Okulunda yer alan lojmanın anasınıfı olmasını sağlayan Derya öğretmen, eski anasınıfını da yeni bir ilkokul dersliğine çevirerek ikili eğitime geçmiş ve böylece birleştirilmiş sınıf sorununu çözmüş. Sınıfları boyayarak, malzeme temin etmiş. Okulun çocuklar için cazip bir yer haline gelmesini sağlamış.
“Projeyle birlikte sabretmeyi, kararlı olmayı öğrendim. Ne kadar güçlü bir kadın olduğumu keşfettim. Yalnız değildim. Psikolojik destek benim için en önemlisiydi. Proje sayesinde sürekli kendime ne yapabilirim, neyi değiştirebilirim sorularını soruyordum.”

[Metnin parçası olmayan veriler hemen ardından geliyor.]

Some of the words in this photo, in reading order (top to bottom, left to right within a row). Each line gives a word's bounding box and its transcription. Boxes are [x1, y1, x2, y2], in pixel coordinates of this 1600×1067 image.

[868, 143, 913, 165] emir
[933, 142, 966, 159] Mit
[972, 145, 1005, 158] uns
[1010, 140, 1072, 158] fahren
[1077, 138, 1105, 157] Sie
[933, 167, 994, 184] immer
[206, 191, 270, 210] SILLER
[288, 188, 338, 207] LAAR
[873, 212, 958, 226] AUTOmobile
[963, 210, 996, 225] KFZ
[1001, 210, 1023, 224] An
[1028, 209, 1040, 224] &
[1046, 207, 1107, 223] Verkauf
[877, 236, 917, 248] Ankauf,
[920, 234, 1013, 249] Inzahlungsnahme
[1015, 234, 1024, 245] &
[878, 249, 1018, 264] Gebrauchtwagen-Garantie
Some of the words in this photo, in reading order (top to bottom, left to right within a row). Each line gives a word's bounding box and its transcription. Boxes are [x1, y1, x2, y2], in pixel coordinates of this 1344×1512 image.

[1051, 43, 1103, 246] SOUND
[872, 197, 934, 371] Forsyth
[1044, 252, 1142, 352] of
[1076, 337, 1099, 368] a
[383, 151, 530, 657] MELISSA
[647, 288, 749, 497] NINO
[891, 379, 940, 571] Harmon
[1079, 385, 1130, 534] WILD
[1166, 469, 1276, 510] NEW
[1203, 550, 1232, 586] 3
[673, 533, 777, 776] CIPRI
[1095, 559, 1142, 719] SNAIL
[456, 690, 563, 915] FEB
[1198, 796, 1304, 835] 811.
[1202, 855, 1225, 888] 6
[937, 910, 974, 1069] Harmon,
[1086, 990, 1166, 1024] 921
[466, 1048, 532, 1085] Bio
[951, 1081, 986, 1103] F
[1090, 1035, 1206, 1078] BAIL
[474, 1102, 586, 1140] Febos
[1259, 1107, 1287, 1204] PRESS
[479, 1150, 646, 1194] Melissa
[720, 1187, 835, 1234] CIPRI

Bu tecrübelerden yola çıkarak yolun başındaki öğretmen adaylarına mesajım şudur:
“Kendini hiç bu kadar değerli ve özel hissetmeyeceksin. Çocukların üzerindeki etkini gördükçe kendini mutlu hissedeceksin. Yolun sonu çok güzel. Başlangıçtan korkma. İmkânsız diye bir şey yok. Sen yeter ki iste.”